La seconda personalità che segnò profondamente il giovane Bruno fu
Frédéric Joliot-Curie, grande scienziato, premio Nobel insieme alla
moglie Irene Curie per la scoperta della radioattività artificiale,
ma anche uomo di sinistra profondamente impegnato, ministro nel
Governo del Fronte Popolare di Leon Blum del 1936. A Parigi, a
lavorare con Joliot-Curie, lo aveva mandato Fermi con una borsa del
Ministero dell’Educazione nazionale, e lì si era fermato fino al
1940. Ma dalla Francia dovette fuggire, lui, ebreo, sotto
l’incalzare dell’avanzata nazista: in bicicletta da Parigi a Tolosa,
insieme al fratello minore Gillo, poi in treno attraverso la Spagna
con la moglie e il primo figlio Gil, poi in piroscafo, nel 1940, da
Lisbona a New York.
A Parigi, Bruno aveva intrapreso ricerche autonome sulla nascente
fisica nucleare ed era entrato, con fervore, nell’impegno politico
legandosi al Partito comunista italiano in esilio. Fisica e passione
politica sono le due linee parallele che hanno segnato profondamente
la vita di Pontecorvo. Non a caso, al secondo figlio, nato nel 1944,
Bruno ha dato i nomi di Tito Niels, in onore di Josip Broz Tito,
organizzatore della guerra di liberazione della Jugoslavia, e di
Niels Bohr, il creatore della fisica atomica e una dei padri della
meccanica quantistica.
Negli Stati Uniti, impiegato in una azienda per le ricerche
petrolifere, Bruno inventa un metodo di prospezione basato sulla
diffusione dei neutroni che è ancora in uso. Passato in Canada, a
Montreal e poi a Chalk River, partecipa alla ideazione e costruzione
del primo reattore ad uranio naturale moderato con acqua pesante,
una filiera tutt’oggi impiegata in Canada. Ma è nell’incontro con la
fisica delle particelle elementari che Pontecorvo dispiega il suo
talento, una straordinaria capacità di porsi domande non
convenzionali e una altrettanto straordinaria comprensione della
fisica sperimentale che gli permette di immaginare gli esperimenti
capaci di trovare le soluzioni. Miriam Mafai, che ha scritto un bel
libro sulla sua vita (Il lungo freddo,Modadori), gli avrebbe chiesto
molti anni dopo <<quale credi sia la tua maggiore qualità?>> e Bruno
risponde, in tutta semplicità, <<come fisico, credo di aver avuto un
po’ di fantasia>>.
Il primo contributo alla fisica delle particelle di Bruno riguardava
la natura del cosiddetto mesotrone, una particella di massa
intermedia tra quella dell’elettrone e quella del protone, scoperta
da Carl Anderson nel 1936. L’opinione prevalente era che il
mesotrone, oggi noto col nome di “muone”, fosse la particella
predetta agli inizi degli anni Trenta dal fisico giapponese Hideki
Yukawa come responsabile del legame dei protoni e neutroni dei
nuclei atomici. Ma un esperimento effettuato da tre giovani fisici
italiani, Marcello Conversi, Ettore Pancini e Oreste Piccioni, nella
Roma città aperta del 1945, mostrò che il muone non poteva essere la
particella di Yukawa per la scarsa probabilità con cui veniva
assorbito dai nuclei atomici leggeri. Mentre il mondo scientifico si
interrogava su dove e come si potesse trovare il vero mesone di
Yukawa (fu scoperto nello stesso anno da Cesare Lattes, Giuseppe
Occhialini e Cecil Powell), Pontecorvo si pose un’altra domanda:
qual è la vera natura di questa particella?

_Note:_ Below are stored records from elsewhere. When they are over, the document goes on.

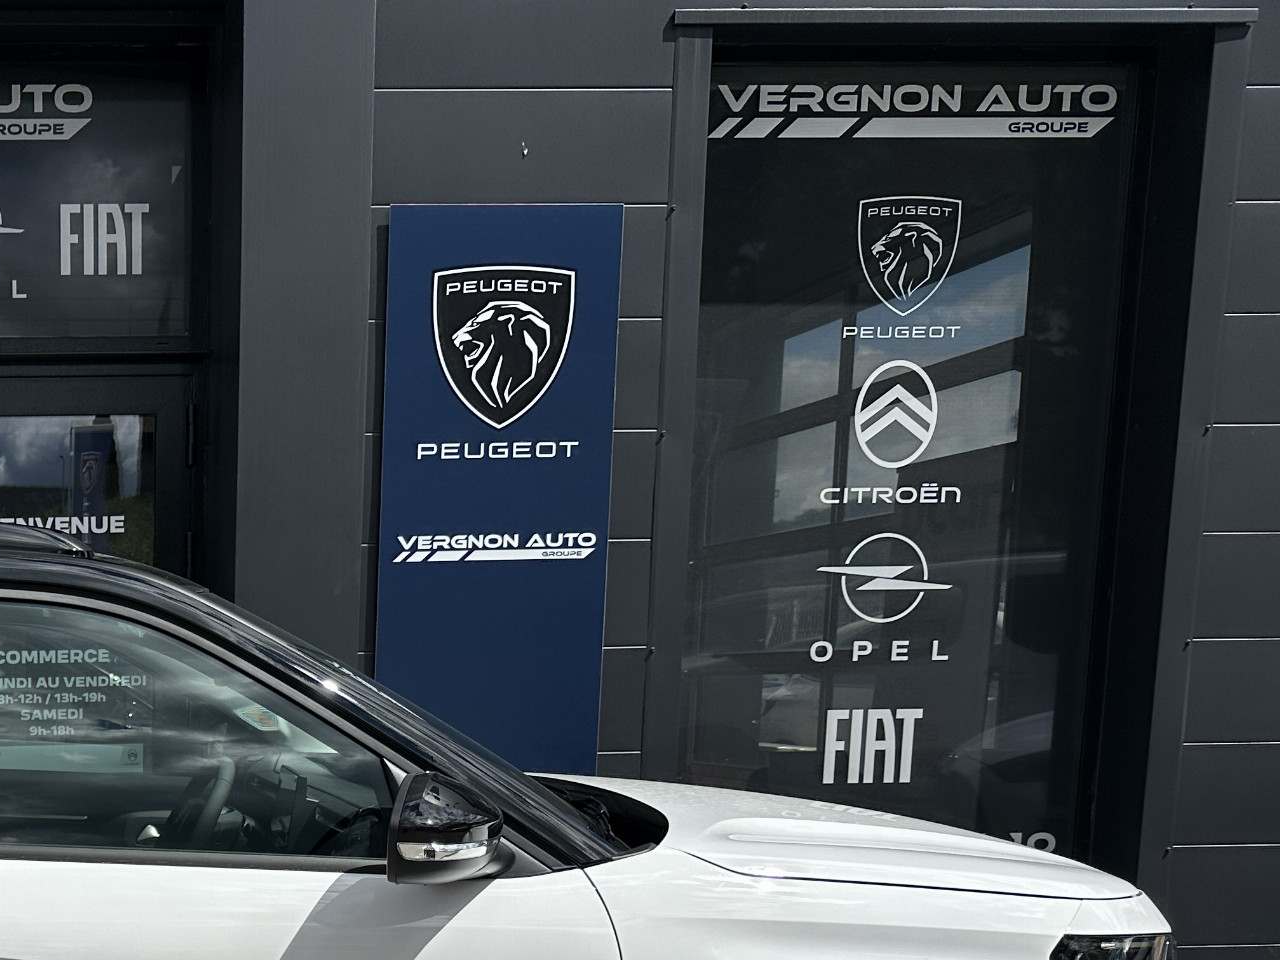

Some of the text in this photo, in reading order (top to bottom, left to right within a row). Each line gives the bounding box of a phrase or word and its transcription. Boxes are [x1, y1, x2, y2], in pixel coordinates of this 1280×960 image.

[718, 85, 1117, 112] VERGNON AUTO
[1009, 122, 1089, 132] GROUPE
[868, 206, 952, 217] PEUGEOT
[60, 204, 149, 275] FIAT
[446, 280, 562, 295] PEUGEOT
[843, 326, 960, 338] PEUGEOT
[418, 442, 579, 459] PEUGEOT
[397, 533, 596, 550] VERGNON AUTO
[541, 550, 584, 558] GROUPE
[810, 640, 948, 662] OPEL
[36, 676, 59, 688] AU
[64, 674, 146, 688] VENDREDI
[45, 694, 50, 705] /
[54, 692, 106, 703] 13h-19h
[20, 708, 84, 721] SAMEDI
[29, 725, 75, 737] 9h-18h
[823, 709, 923, 784] FIAT
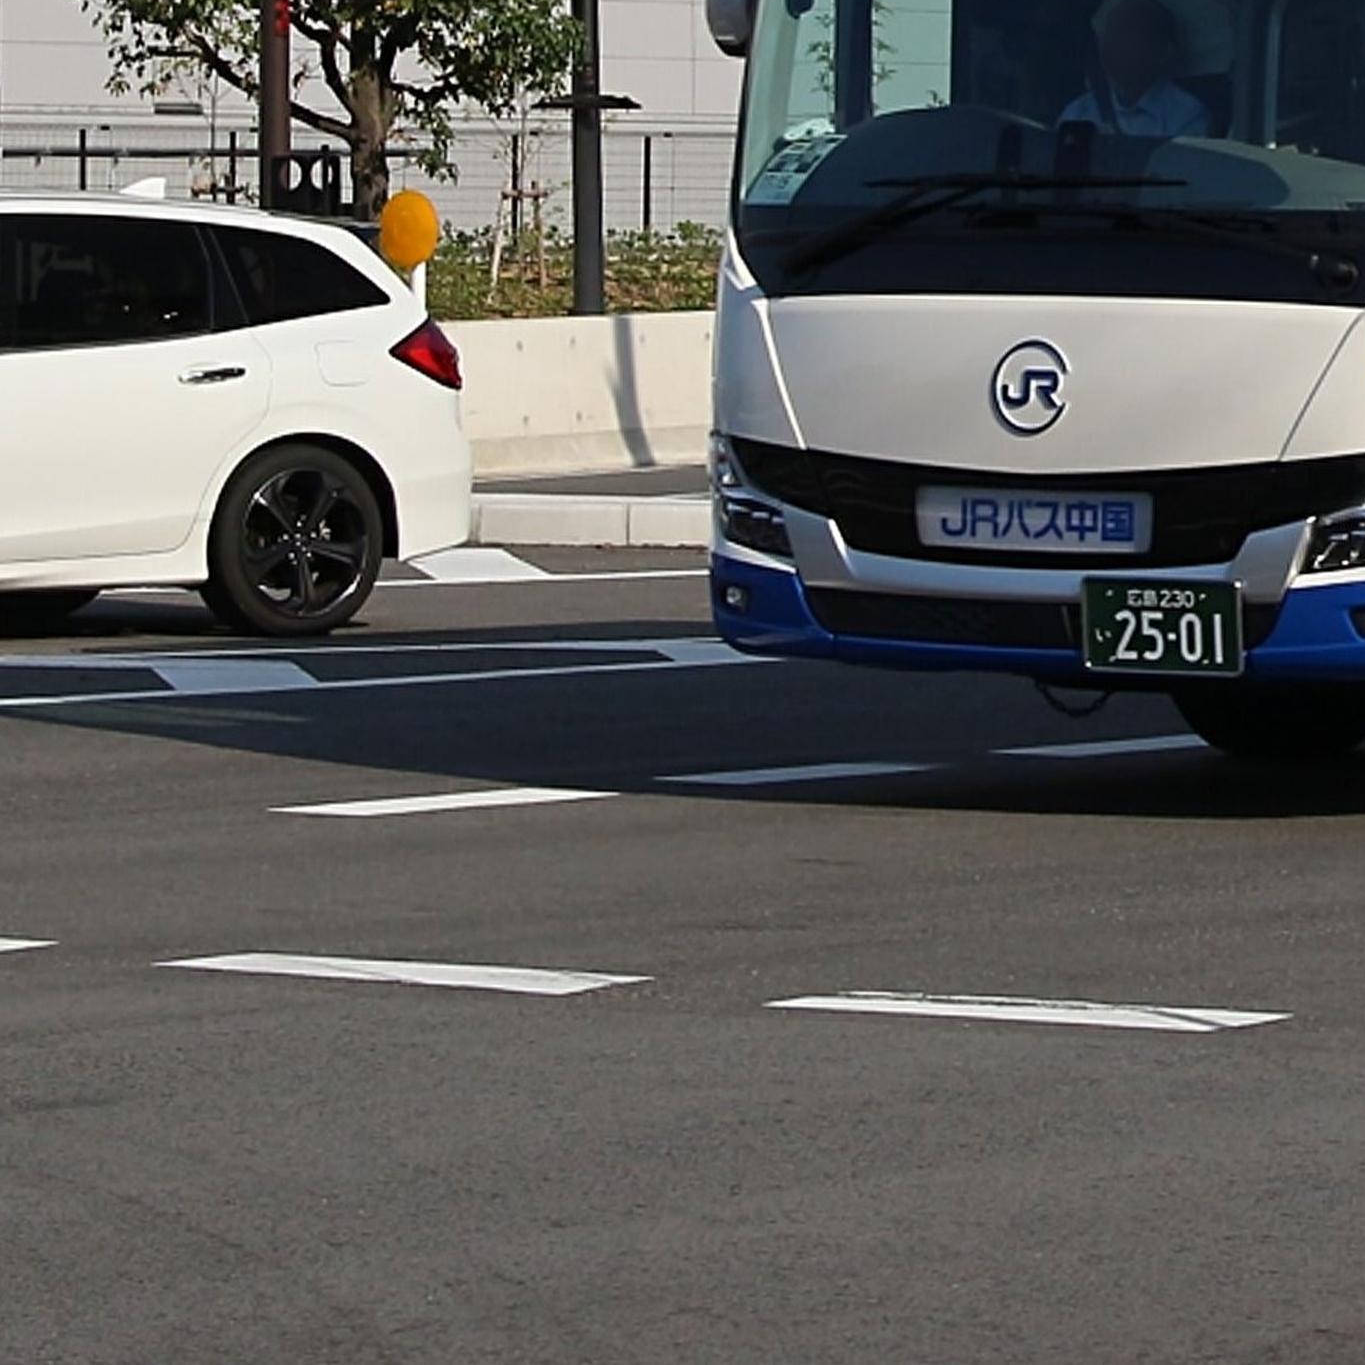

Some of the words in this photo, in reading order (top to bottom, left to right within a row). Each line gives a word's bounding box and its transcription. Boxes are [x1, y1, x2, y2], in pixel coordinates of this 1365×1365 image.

A partire dal risultato dei tre italiani, Pontecorvo mostrò, nel
1947, che il muone (il”mu”) è un fratello pesante dell’elettrone e
che, proprio come l’elettrone, è soggetto alle forze deboli scoperte
da Enrico Fermi negli anni trenta e responsabili della
disintegrazione di alcuni nuclei con emissione di un elettrone ed un
neutrino. Anzi, i calcoli di Bruno indicavano che le forze deboli
sono “universali”, hanno cioè la stessa intensità per particelle
diverse come il “mu”, l’elettrone e il protone: proprio come avviene
per l’intensità delle forze elettriche, che tra queste particelle
sono uguali (a meno del segno) dato che esse hanno cariche
elettriche uguali (a meno del segno).
Con il suo lavoro del 1947, Pontecorvo aveva aperto un campo di
ricerca cui hanno contribuito i maggiori fisici contempo renai,
inclusi Nicola Cabibbo e molti altri italiani, e che si sarebbe
concluso solo ai nostri giorni con la scoperta del bosone di Higgs e
l’unificazione delle forze deboli ed elettromagnetiche. Lo studio
della particella “mu” portò Pontecorvo a interessarsi dei neutrini.

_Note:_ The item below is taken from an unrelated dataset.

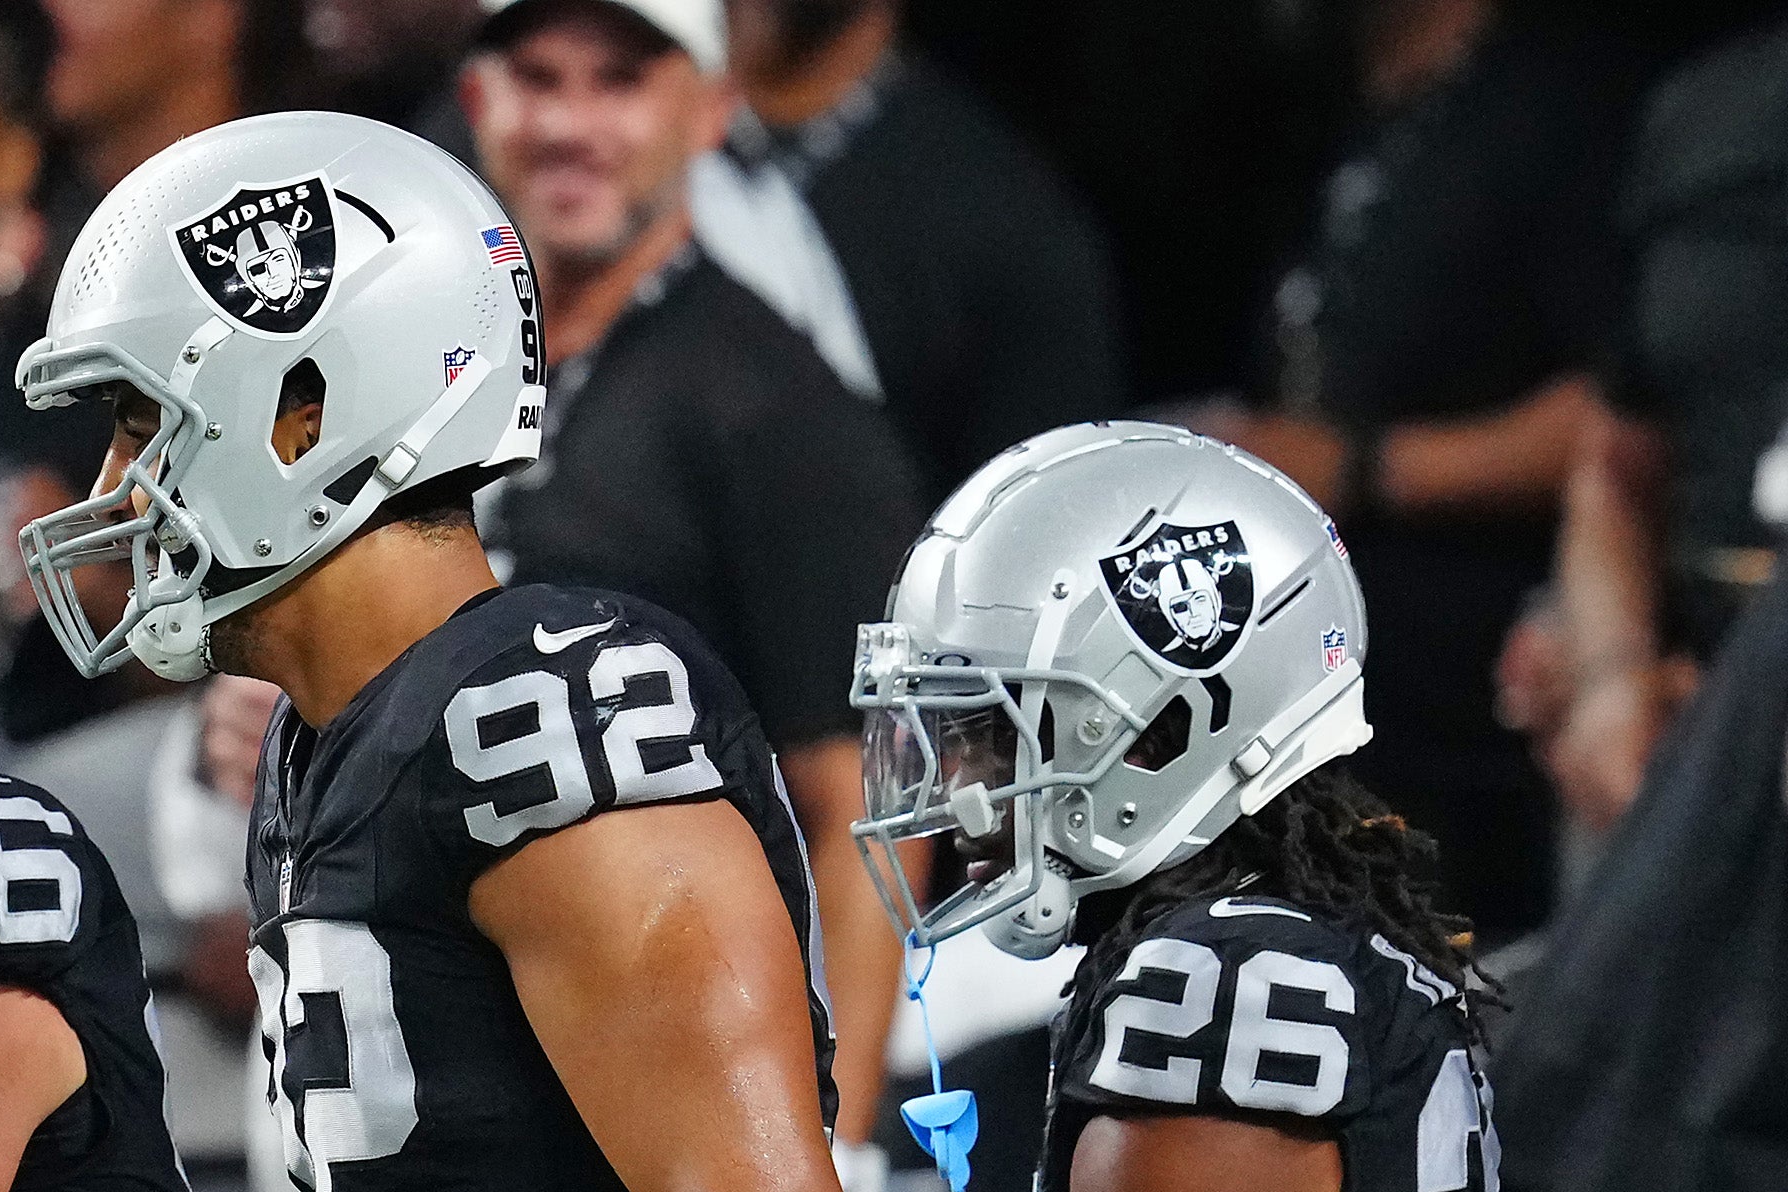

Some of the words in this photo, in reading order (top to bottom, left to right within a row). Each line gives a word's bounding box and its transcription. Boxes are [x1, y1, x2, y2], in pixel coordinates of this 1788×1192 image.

[190, 184, 311, 243] RAIDERS
[1114, 526, 1229, 574] RAIDERS
[442, 642, 724, 848] 92
[1088, 937, 1356, 1117] 26

Per molte persone sensate di quel tempo, occuparsi dei neutrini era
un po’ come ragionare sul sesso degli angeli. Si pensava che una
particella capace di attraversare spessori di materia di diversi
anni luce, secondo un calcolo di Bethe, non sarebbe mai stata
rivelata dai nostri apparati, e quindi non valeva la pena di porsi
troppe domande sulla loro natura.
Ma Pontecorvo, a Chalk River, sapeva bene che un reattore nucleare,
a partire dai neutroni che ne costituiscono il “motore”, produce una
quantità di neutrini assolutamente straordinaria. Quindi, la
probabilità che qualcuno di questi produca delle reazioni visibili
non è poi così evanescente. In particolare, era la proposta di
Pontecorvo, un neutrino avrebbe potuto trasformare un nucleo di
Cloro in nucleo instabile di Argon. Estraendo chimicamente l’Argon
dal Cloro e misurando il numero di atomi prodotti si sarebbe potuto
risalire alle interazioni dei neutrini e perfino stabilire se si
trattava di neutrini o di antineutrini. Pontecorvo ne parla con
Wolfgang Pauli, che lo incoraggia, e con Fermi, che non si
entusiasma pensando che ci vorranno decenni per mettere a punto il
metodo. In ogni modo, Pontecorvo inizia ad organizzare il
laboratorio in Canada per esplorare la fisica del neutrino.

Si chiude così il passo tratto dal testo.